Morfydd Clark in Saint Maud

Santa maud It may be too slow for those who prefer their horror on the fast side, but others will be rewarded for their patience as the film builds a growing sense of dread. Glass and his cinematographer Ben Fordesman (The end of the damn world) enhance the mood of the film by painting Maud’s world in somber dark tones with the occasional splash of bright color, mostly red in scenes where blood is spilled or a cleverly deceptive take on what turns out to be bubbly tomato soup. Santa maud It is also well served by its tight 83-minute runtime, though it prevents Glass from delving into the idea of ​​dance horror that Amanda’s story presents (to that of movies like Black Swan Y Suspiria).

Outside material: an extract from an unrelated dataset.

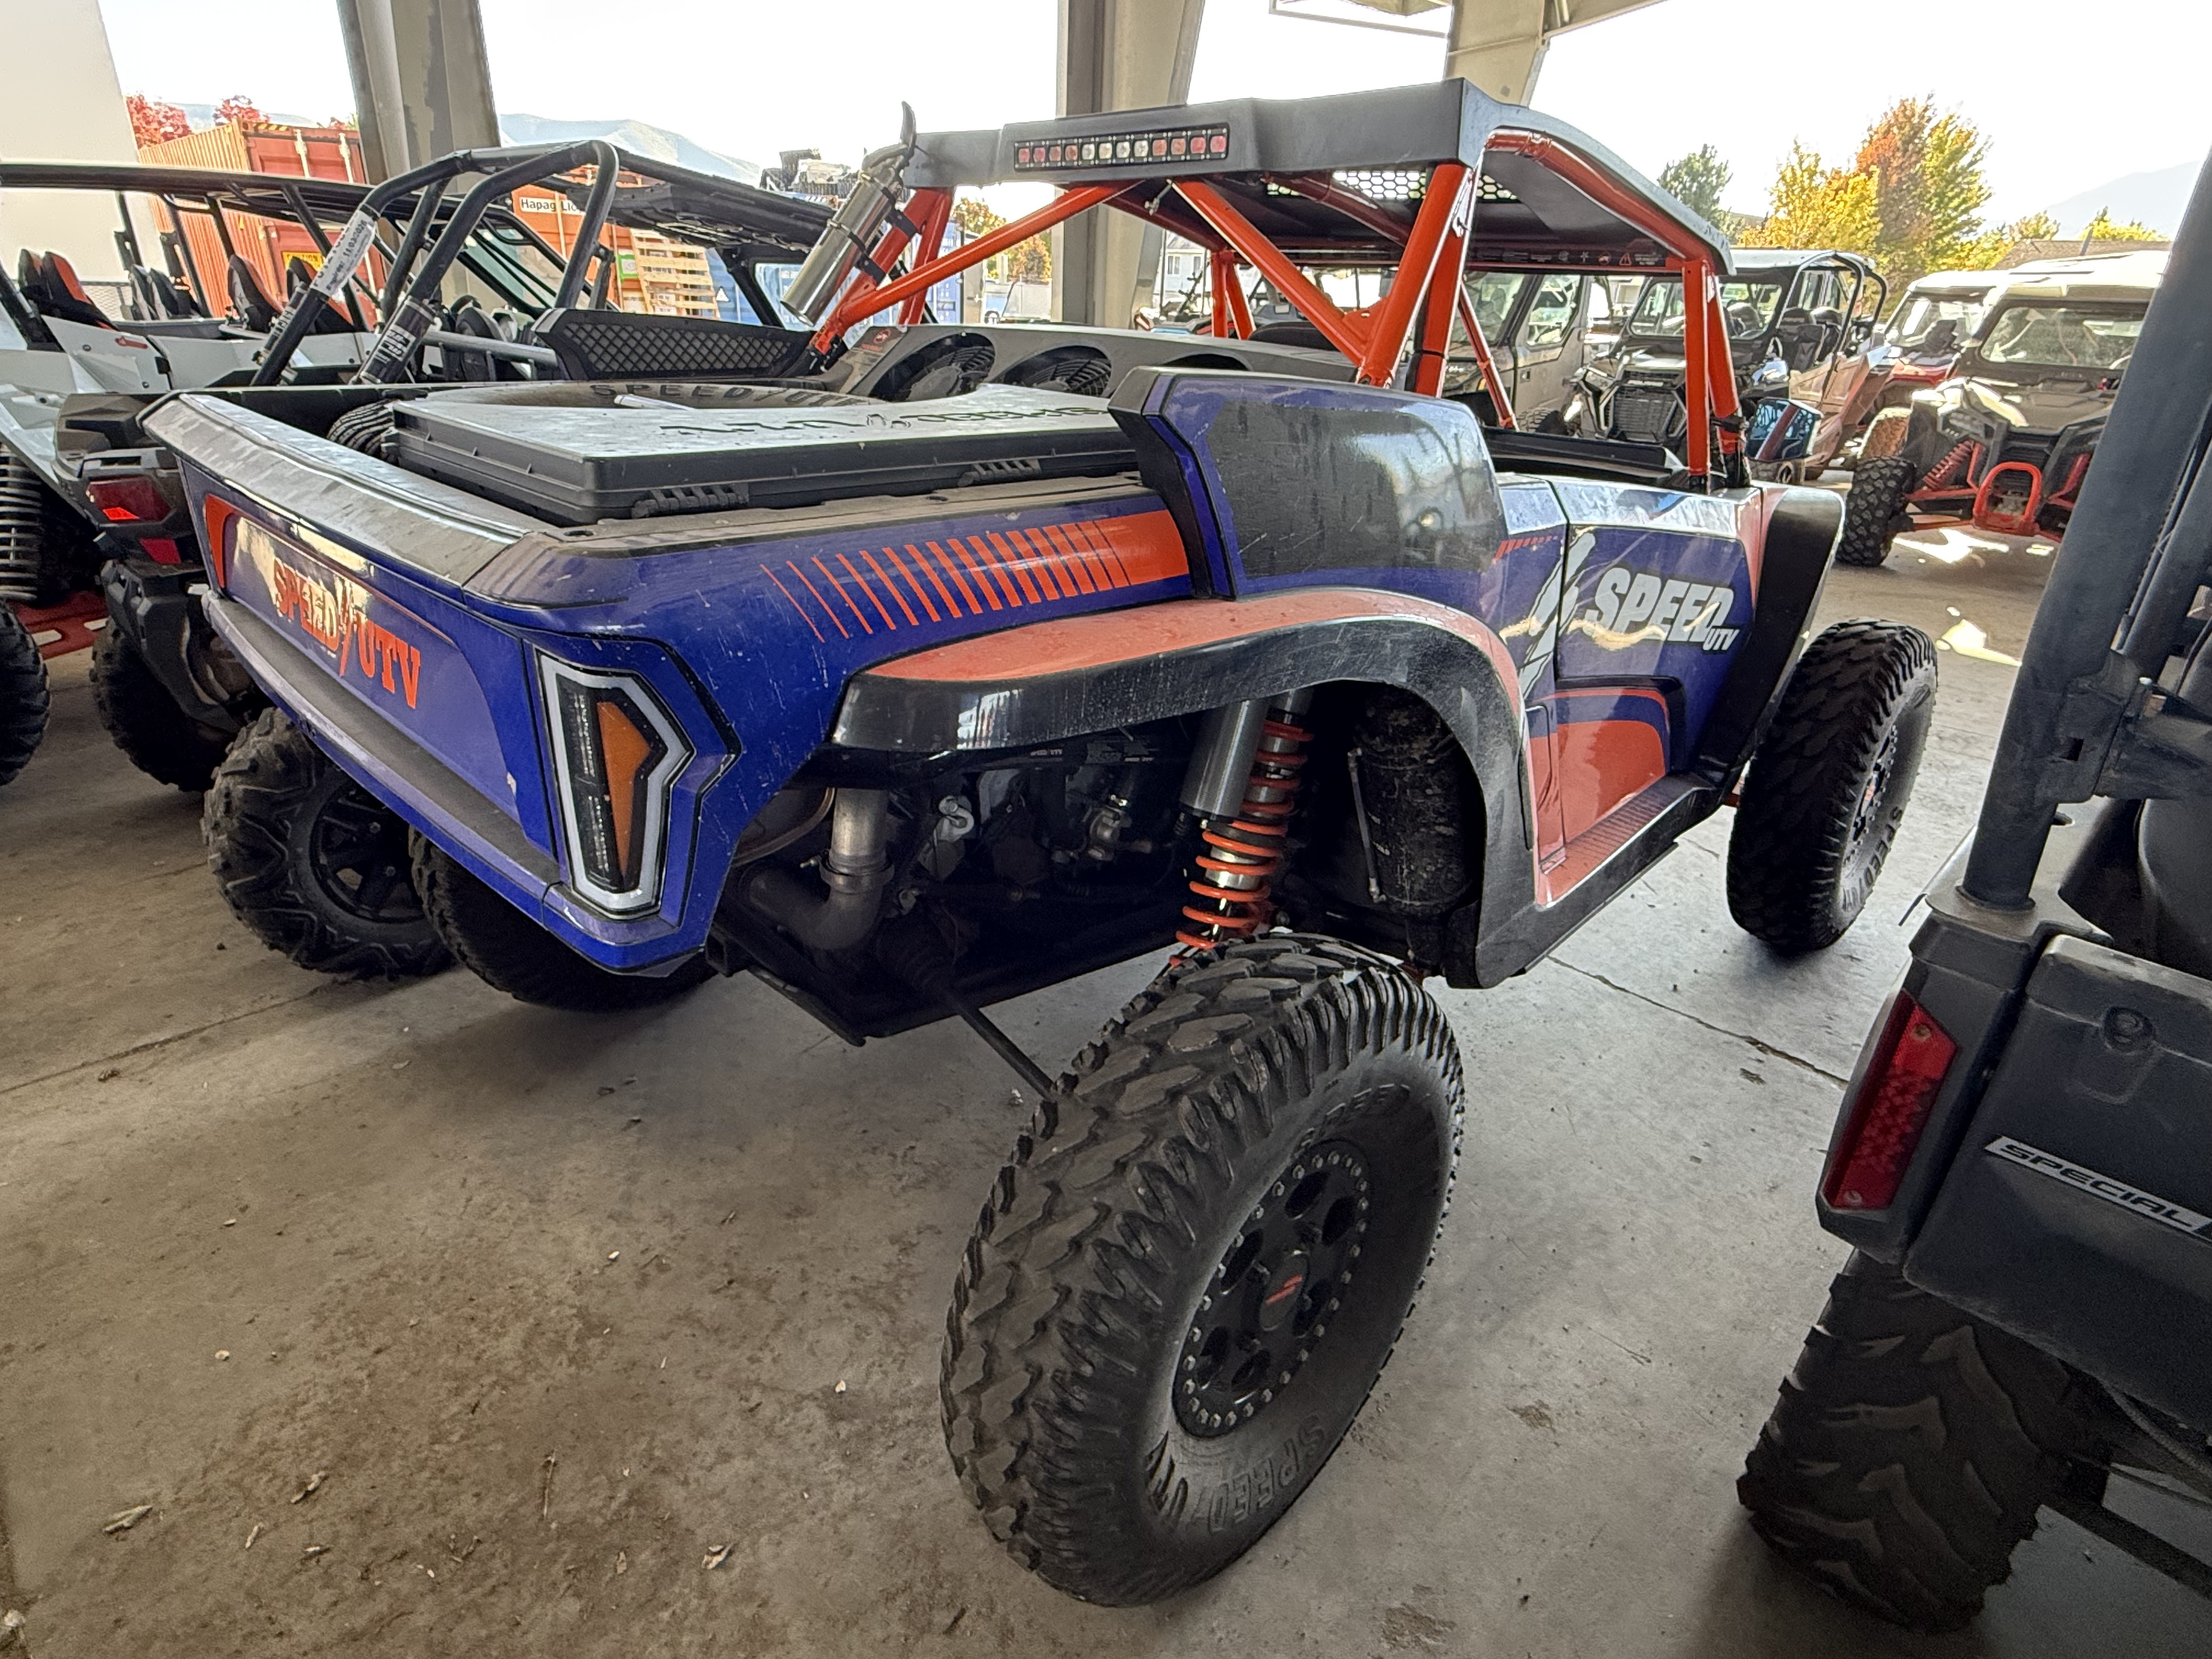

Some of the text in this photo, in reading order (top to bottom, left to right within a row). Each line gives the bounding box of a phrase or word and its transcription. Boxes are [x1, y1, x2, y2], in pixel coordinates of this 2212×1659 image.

In the end, however, Glass is more interested in tracing Maud’s spiritual crisis to its grim conclusion, culminating in the short but terrifying final shot of the film. While it echoes other recent films about faith and doubt, sometimes too closely (one scene in particular strongly recalls a key Martin Scorsese moment Silence), Santa maud Otherwise, it’s a confident and pretty splendid debut for Glass, as well as featuring a riveting performance by Clark. Hopefully, you will find the audience you should have gotten last year.

Written and directed by Rose Glass, Saint Maud stars Morfydd Clark, Jennifer Ehle, Lily Fraze, Lily Knight, Turlough Convery, and Marcus Hutton. It will be screened in US theaters and will hit VOD and Epix beginning February 12.